Preise steigen um 3,8 Prozent: Inflation frisst Lohnerhöhung

Reale Tarifeinkommen sinken erstmals seit 2011. Vor allem Energie und Nahrungsmittel sind deutlich teurer als vor einem Jahr.

Die Corona-Pandemie hat den Gewerkschaften das Tarifgeschäft erheblich erschwert, die Einkommen stiegen im ersten Halbjahr nur um 1,6 Prozent. Und dazu drückt die Inflation auf die Kaufkraft. Im Juli lagen die Verbraucherpreise nach vorläufigen Zahlen des Statistischen Bundesamtes um 3,8 Prozent über dem Vorjahresmonat. Energie (plus 11,6 Prozent) und Nahrungsmittel (plus 4,3 Prozent) verteuerten sich überdurchschnittlich. Ferner wirkt sich der so genannte Basiseffekt der Mehrwertsteuersenkung im zweiten Halbjahr 2020 aus. Nach Angaben der Statistiker trägt das 1,6 Prozent zur Inflationsrate bei. Um die Konjunktur anzukurbeln, hatte die Bundesregierung den Satz von 19 auf 16 Prozent reduziert.

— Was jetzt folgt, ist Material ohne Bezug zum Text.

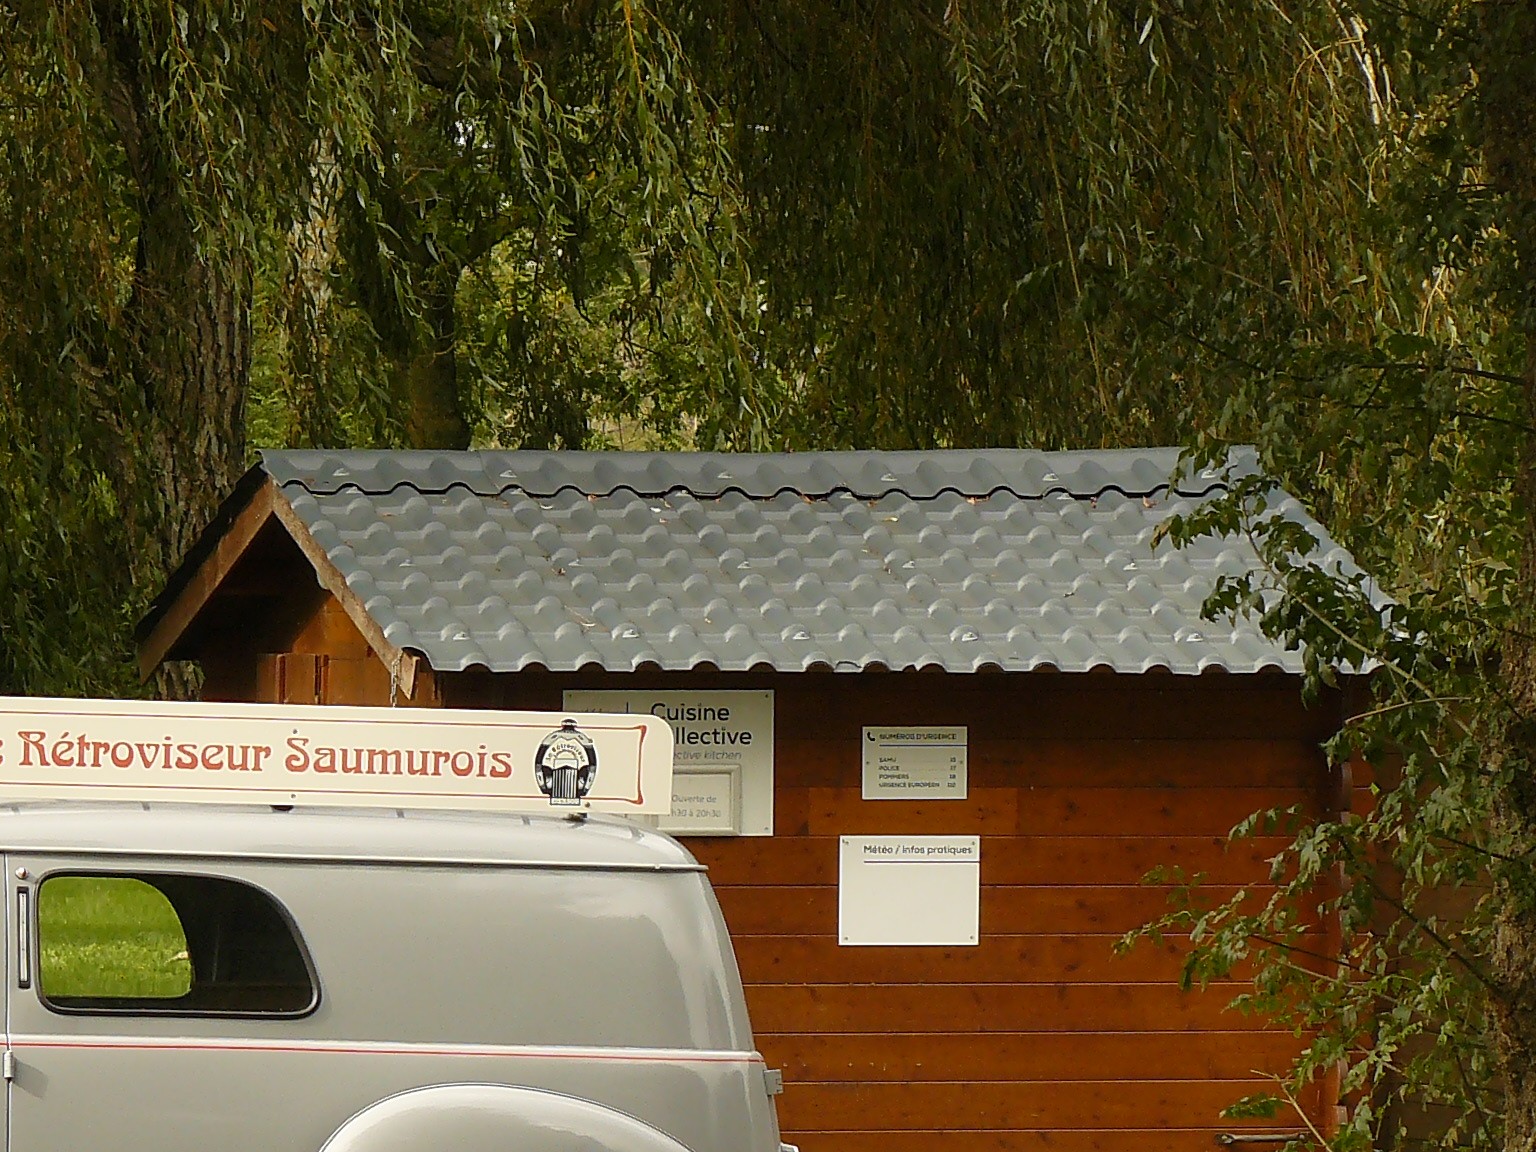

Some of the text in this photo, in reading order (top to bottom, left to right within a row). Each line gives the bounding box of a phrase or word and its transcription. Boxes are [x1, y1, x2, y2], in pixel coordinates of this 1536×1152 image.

Seit Anfang dieses Jahres sind wieder 19 Prozent zu zahlen.

EZB will zwei Prozent Inflation

Die Europäische Zentralbank (EZB) strebt eine Inflationsrate von zwei Prozent im Euroraum an und richtet ihre Geldpolitik entsprechend aus. Für eine Übergangszeit nimmt sie ausnahmsweise das Überschreiten dieser Zielmarke in Kauf, um weiter mit billigem Geld die Konjunkturerholung nach der Corona-Rezession anschieben zu können.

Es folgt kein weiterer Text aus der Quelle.